Is it really worth all of this trouble?  I say no.  I’d rather keep DST time all year round, so that we get more daylight in the afternoon and less at night.  Actually, I’d rather spend have the year here in Boston and the other half someplace else, so that I always get at least 14 hours of daylight each day.  Now that sounds fantastic!

In the meantime, I better go change the clocks, adjust med times, and eat a little something extra so I’m not too hungry in the morning.  And maybe I’ll spend a few extra minutes in front of the light box in the morning.

Good luck to you!


How many hours are in your day?

November 4, 2011

People say that we all have the same number of hours in a day, but I beg to differ.

These days, I can’t seem to get through the afternoon without needing to rest for a while or nap.  Even after I wake up, I’m not very productive.  I have been on a leave of absence from work for several weeks now.  I thought that by now I’d have cleaned up my apartment and caught up on email, but somehow, that doesn’t seem to happen.

Fatigue is a difficult thing to describe if you’ve never experienced it.  Even now, I know that I’m lucky, because I know that there are many people with much more severe fatigue than what I have.  Some sleep for 12 or 15 hours a day.  How do you accomplish anything at that point?  I don’t know, but I know it must be similar to what I have now in one way: you have no choice, so you find a way.
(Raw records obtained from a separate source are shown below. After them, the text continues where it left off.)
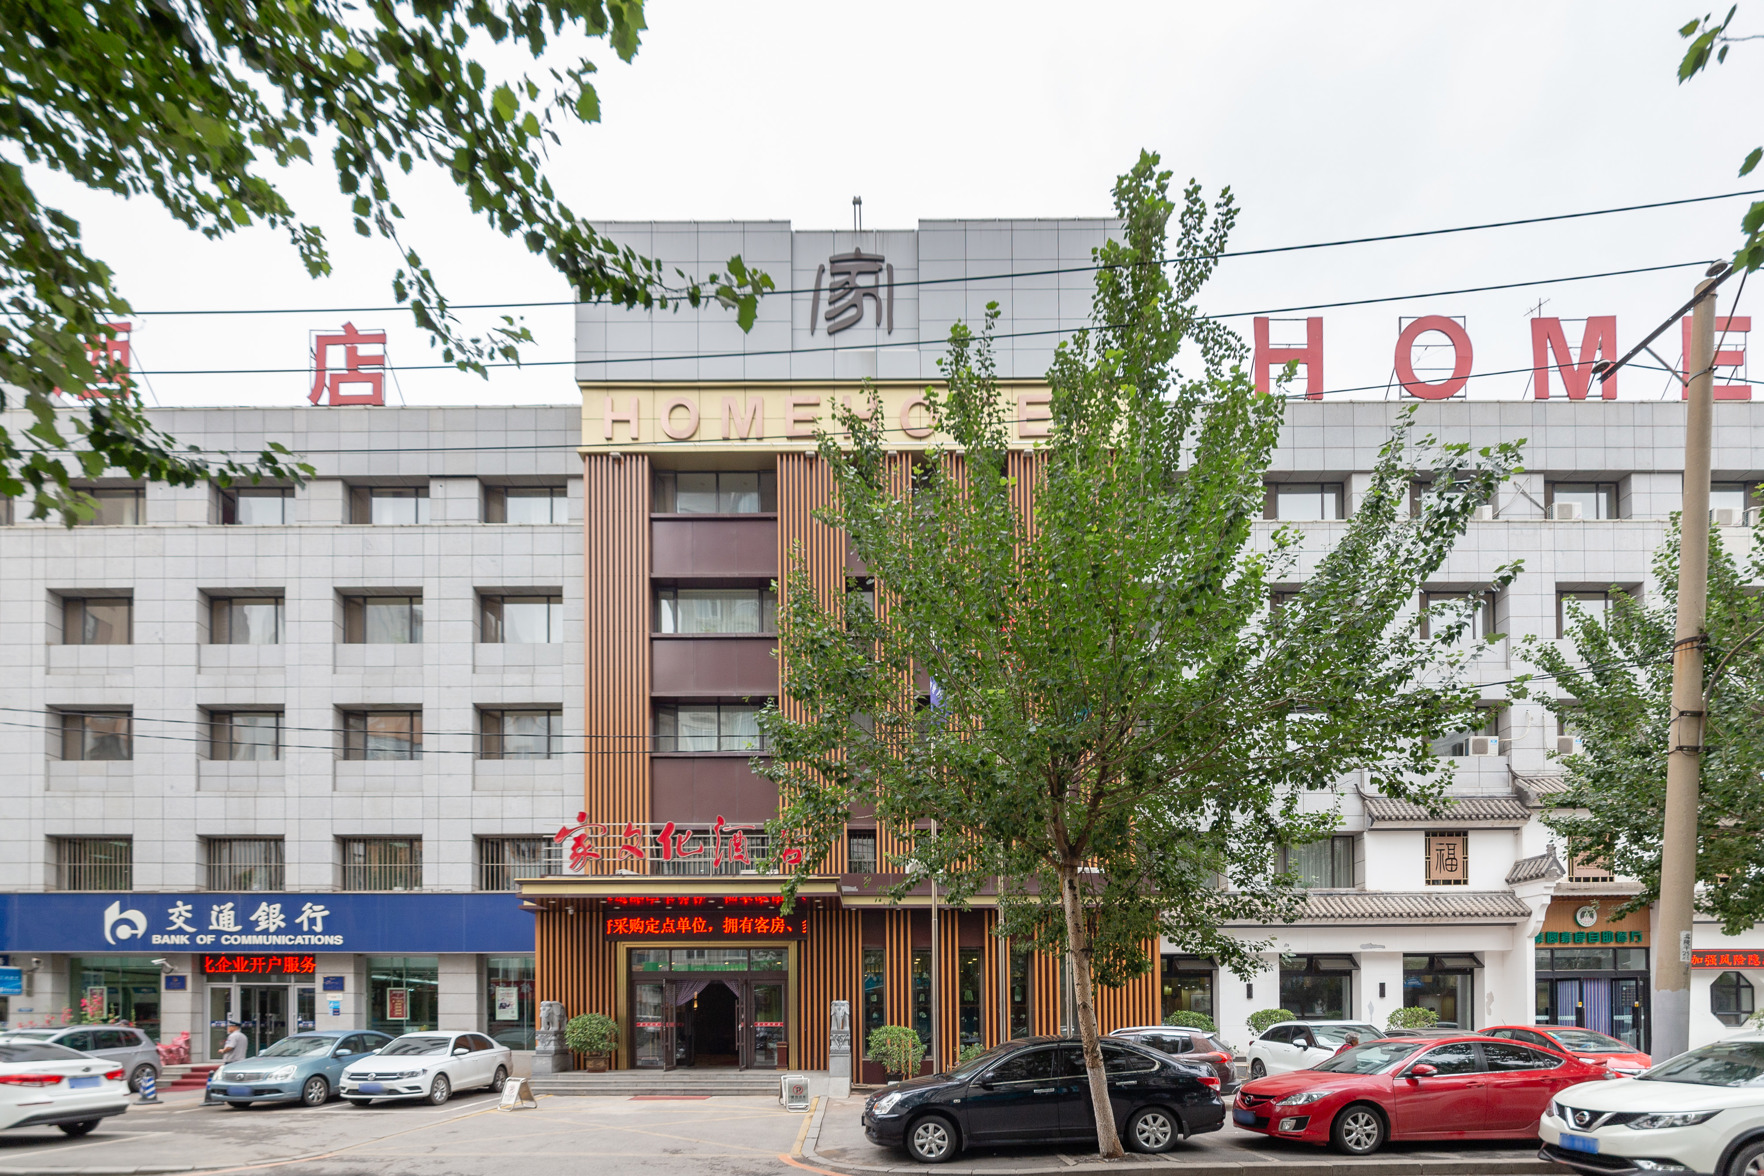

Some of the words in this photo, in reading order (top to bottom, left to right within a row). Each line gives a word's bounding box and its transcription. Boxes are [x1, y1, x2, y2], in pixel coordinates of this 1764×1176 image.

[1253, 314, 1752, 401] HOME
[602, 394, 1053, 440] HOMEHOE
[151, 934, 190, 945] BANK
[196, 934, 216, 945] OF
[220, 934, 344, 945] COMMUNICATIONS
[1691, 953, 1764, 967] 加强风险隐
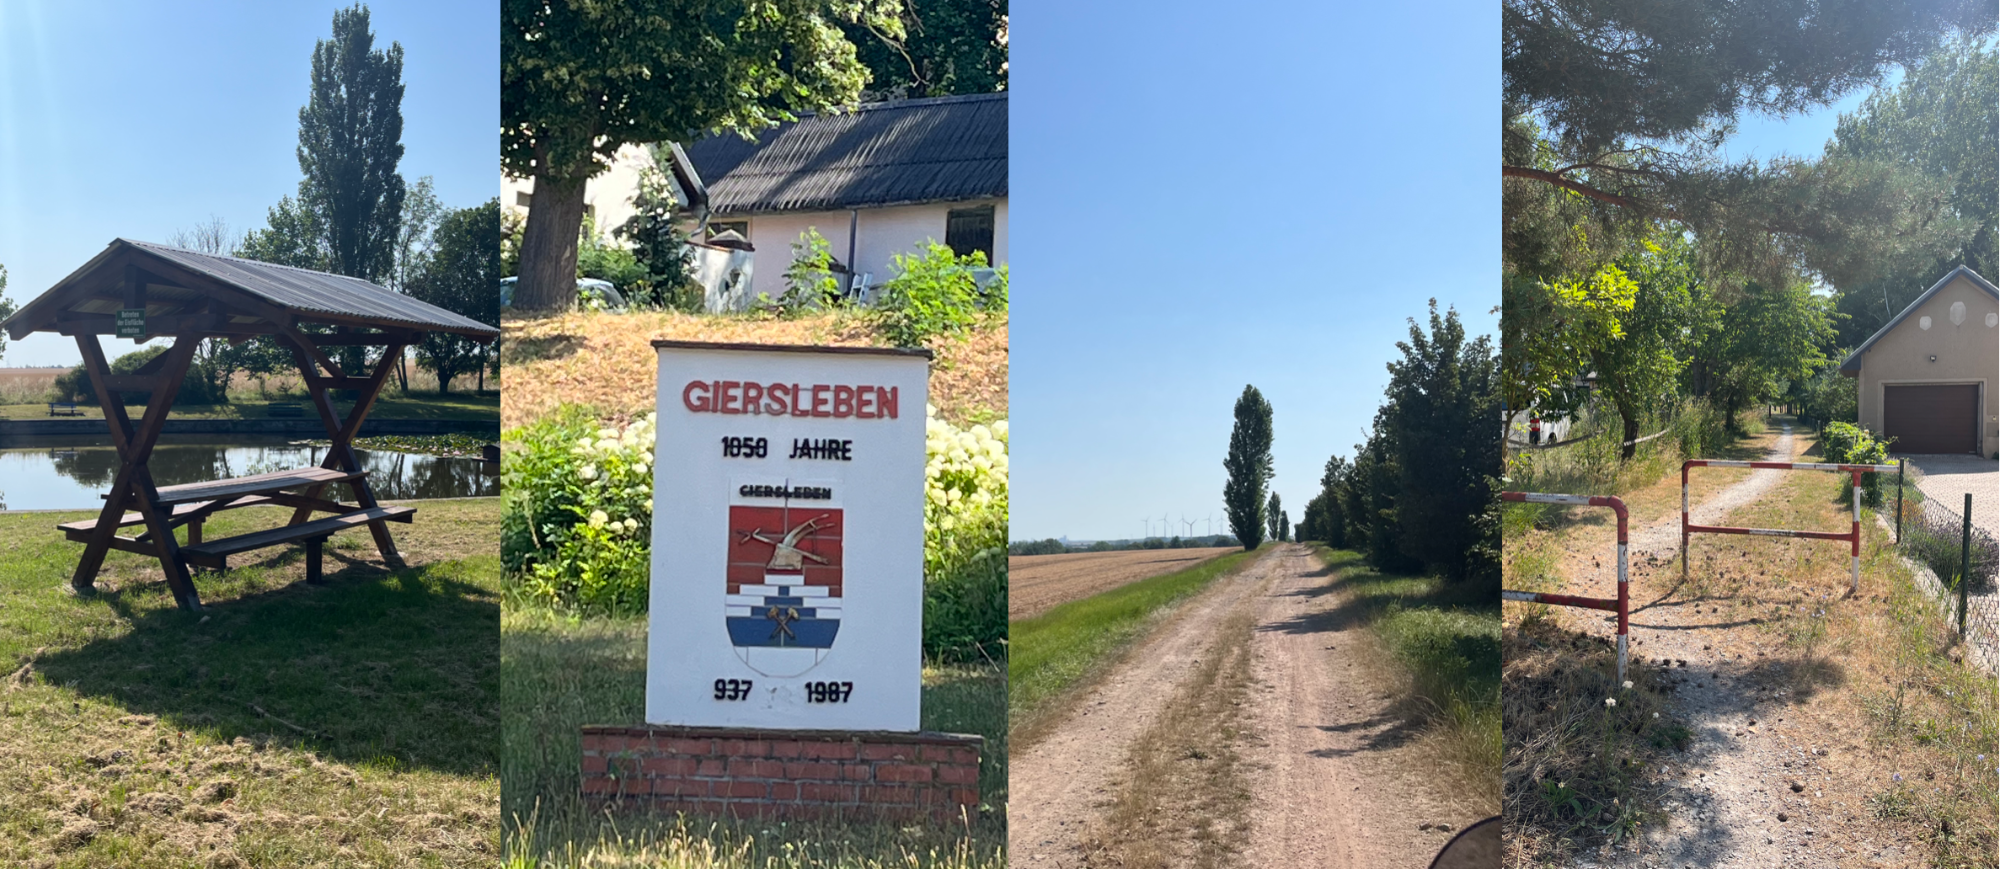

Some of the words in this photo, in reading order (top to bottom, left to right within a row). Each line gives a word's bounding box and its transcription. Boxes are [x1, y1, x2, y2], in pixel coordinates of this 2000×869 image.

[682, 380, 898, 419] GIERSLEBEN
[721, 436, 768, 458] 1050
[789, 438, 853, 461] JAHRE
[739, 484, 832, 500] GIERSLEBEN
[714, 678, 752, 702] 937
[804, 681, 854, 704] 1987
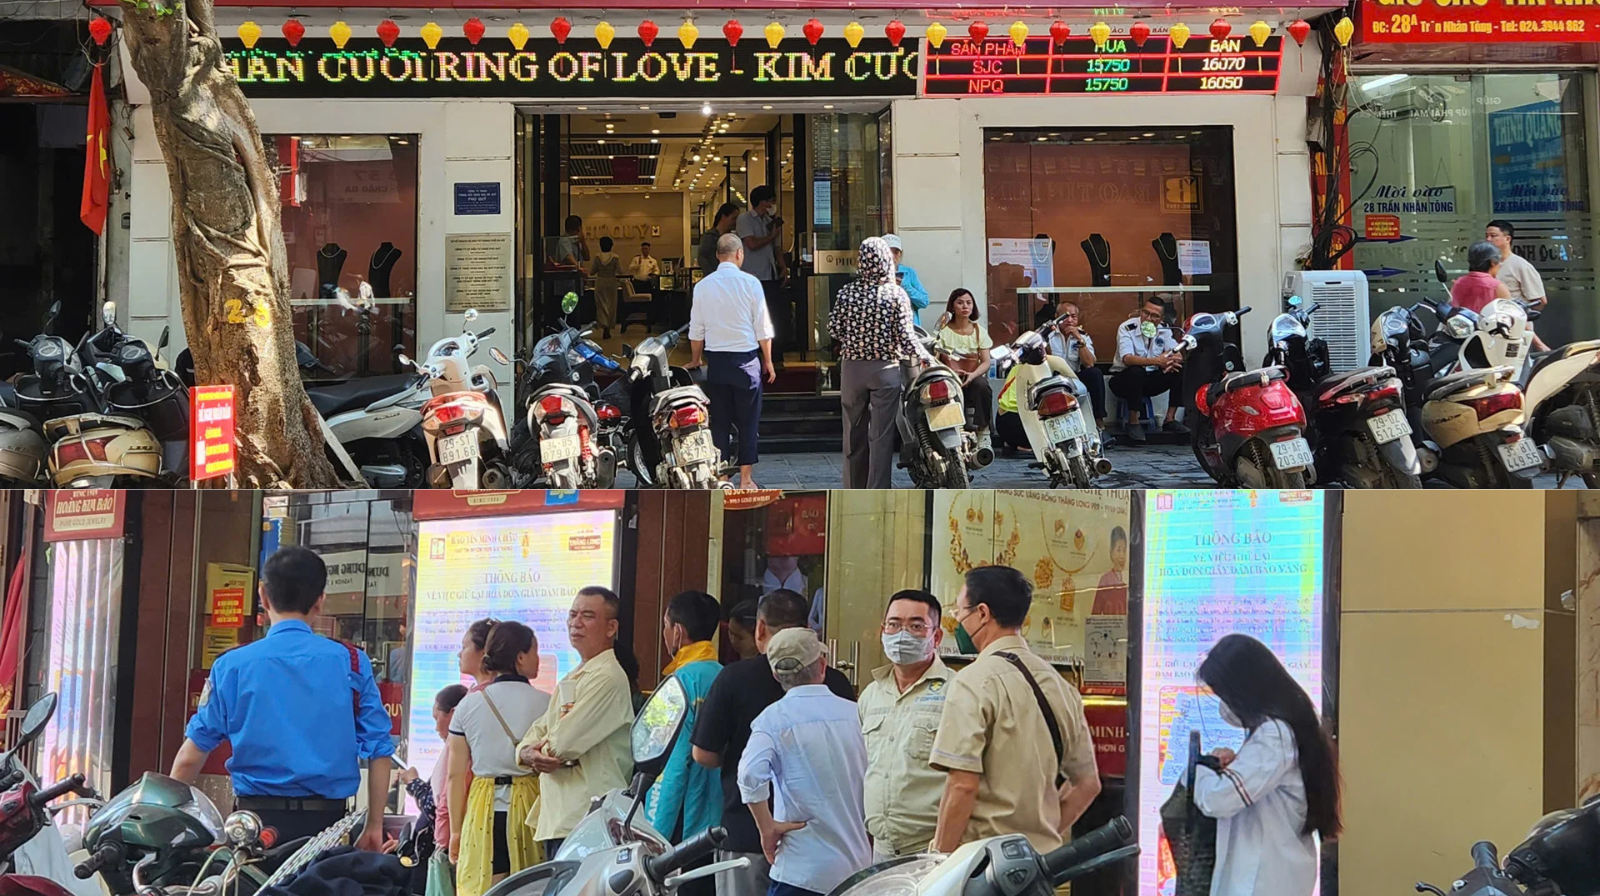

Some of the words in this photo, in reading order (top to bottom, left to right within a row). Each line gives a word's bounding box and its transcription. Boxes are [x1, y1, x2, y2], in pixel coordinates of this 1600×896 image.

This is frustrating.  I want so badly to use all of my waking hours productively, but that’s just not an option right now.  The thing about fatigue is that extra sleep or more rest won’t fix it.  Exercise won’t fix it either.  It’s infuriating but true.

So now another day is over and I’ve accomplished much less than I wanted to, and that will have to be ok because I have no choice.  I’m angry and frustrated, but I can’t do anything about it.  I can hope that tomorrow will be better, but I just don’t know.